2. Stewy and the Sandies
This is the Succession equivalent of when an NFL team has a bye week while the rest of its division gets blown out. The other side of the Waystar proxy battle doesn’t appear in “The Disruption,” but it needn’t show face to bolster its position. With the Department of Justice finally making its move on the company and Kendall giving interviews about his headspace over shaved fennel salads, it’s easy for the viewer to forget there’s an important shareholder meeting looming. But Stewy, Sandy, and Sandy’s daughter most certainly haven’t. I’d imagine they’re feeling a lot like the Cowboys looking at the rest of the NFC East right now.
3. Tom Wambsgans
Consider Tom’s dog, Mondale (named after another great Minnesotan). In “The Disruption,” Mondale eats Shiv’s pantyhose, which she couldn’t be bothered to put away. Tom has to literally rip them out of the poor pup’s ass.

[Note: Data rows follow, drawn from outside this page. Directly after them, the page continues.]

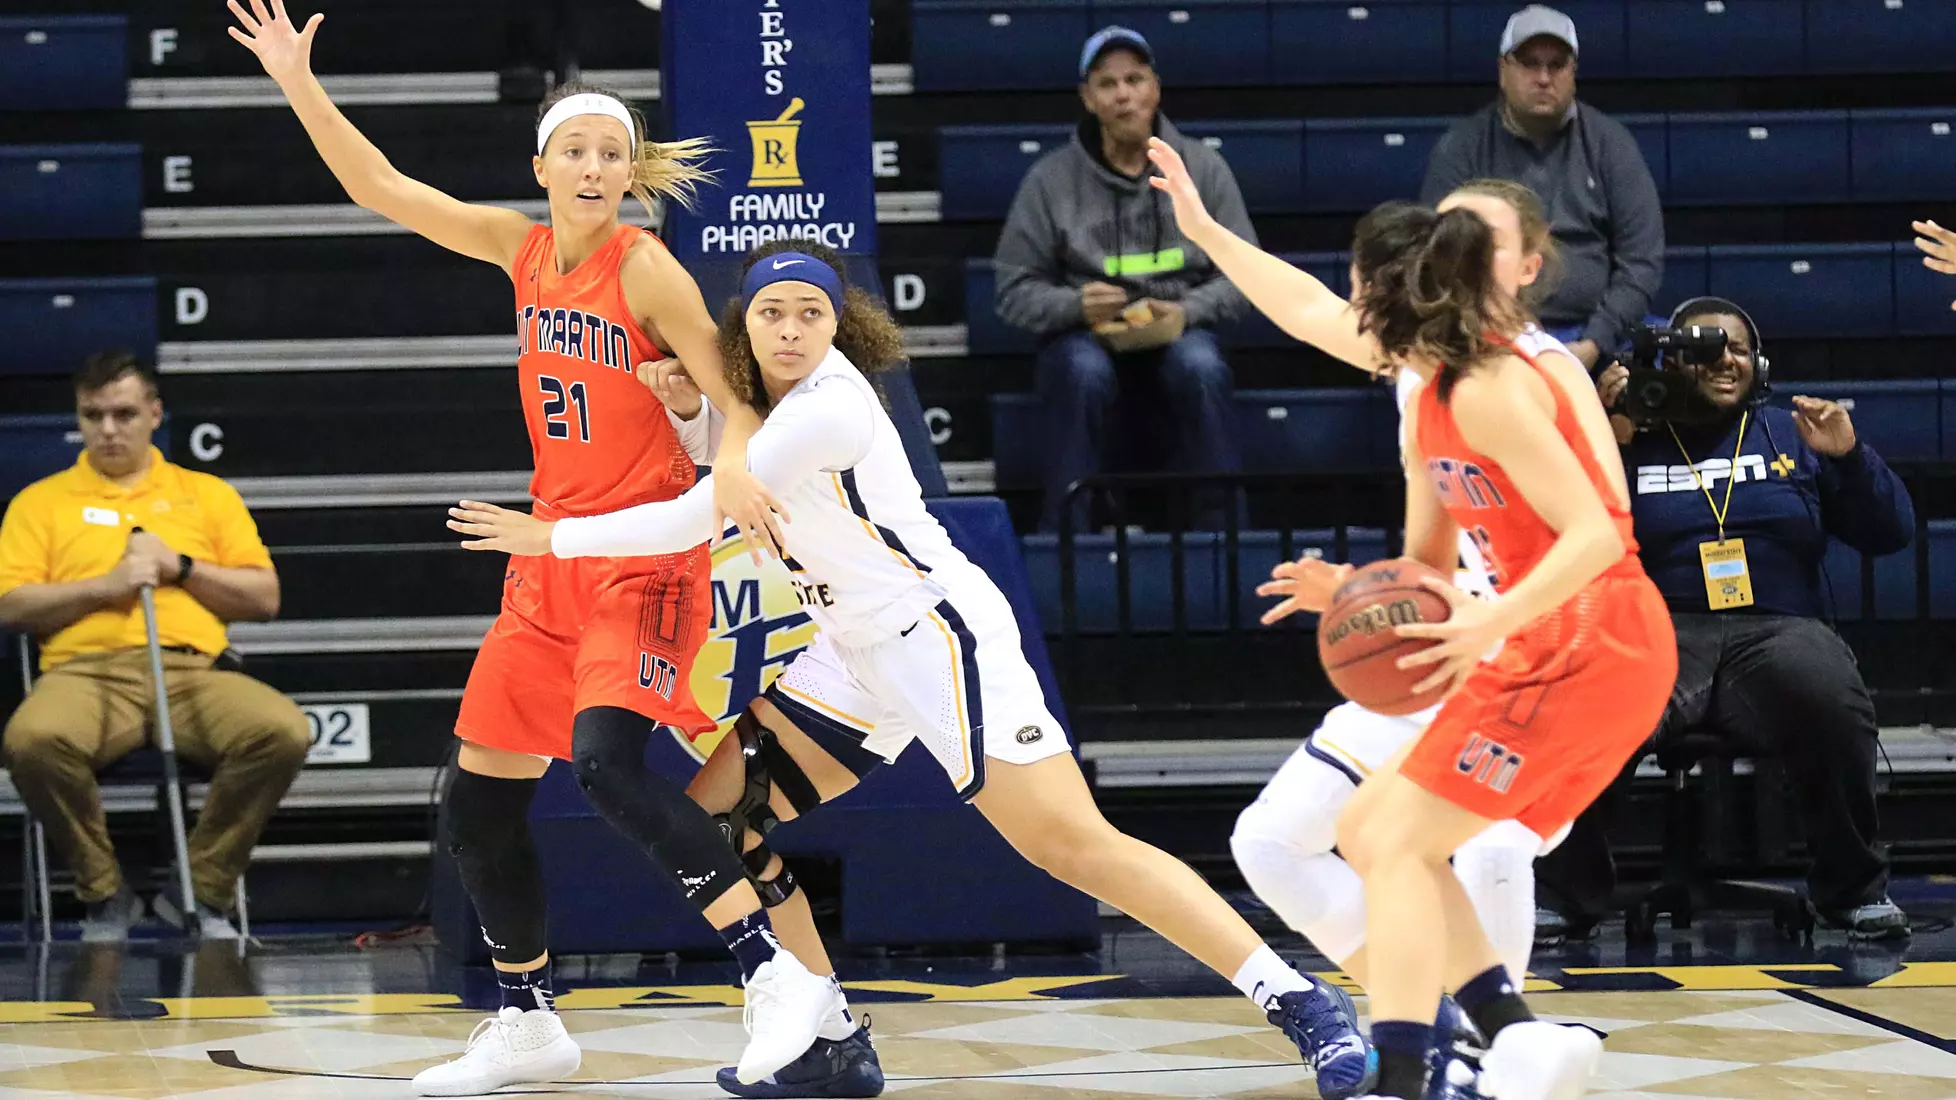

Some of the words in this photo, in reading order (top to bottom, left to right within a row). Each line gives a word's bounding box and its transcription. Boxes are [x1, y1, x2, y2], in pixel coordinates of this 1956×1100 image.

[150, 29, 178, 65] F
[164, 156, 194, 192] E
[871, 141, 900, 177] E
[729, 192, 825, 222] FAMILY
[702, 221, 855, 253] PHARMACY
[176, 287, 208, 324] D
[893, 274, 926, 311] D
[537, 307, 633, 374] MARTIN
[537, 373, 591, 444] 21
[923, 407, 952, 444] C
[189, 423, 223, 461] C

It’s a bit of a heavy-handed metaphor, but it’s apt: Like Mondale, Tom has been swallowing what people have openly flaunted, and he’s never quite been able to digest it.
But the last eunuch in the forbidden city has figured out how to get some power, in his own Wambsgansian way. Knowing that someone will have to be the fall person for the cover-up—and realizing that person will face only minimal, if any, prison time—Tom volunteers his services to Logan. (“Just clunk the trout on the head and put it in your pouch,” he says.) And with that, for the first time in two-plus seasons, Logan and Shiv both appear to respect and appreciate Tom. Add in his calmness in telling the ATN advertisers about the FBI raid—and that secretive phone call to outside counsel—and it looks like Tom may finally be fit for the leadership roles he’s so openly coveted. At the very least, he may not have to swallow his wife’s underwear in perpetuity.
4. Sophie Iwobi
Last May, in the midst of a cringe-filled run for New York mayor, Andrew Yang appeared on the Showtime series Ziwe, a show best described as “Ali G for the Instagram activism generation.” It was the perfect vehicle for what the Times called Yang’s “post-embarrassment media campaign” as he fielded tongue-in-cheek questions about billionaires and racial stereotypes. The idea was for Yang to be in on the joke, or at least add fuel to the meme fire. He accomplished at least the latter when he named “Numb/Encore” his favorite Jay-Z song.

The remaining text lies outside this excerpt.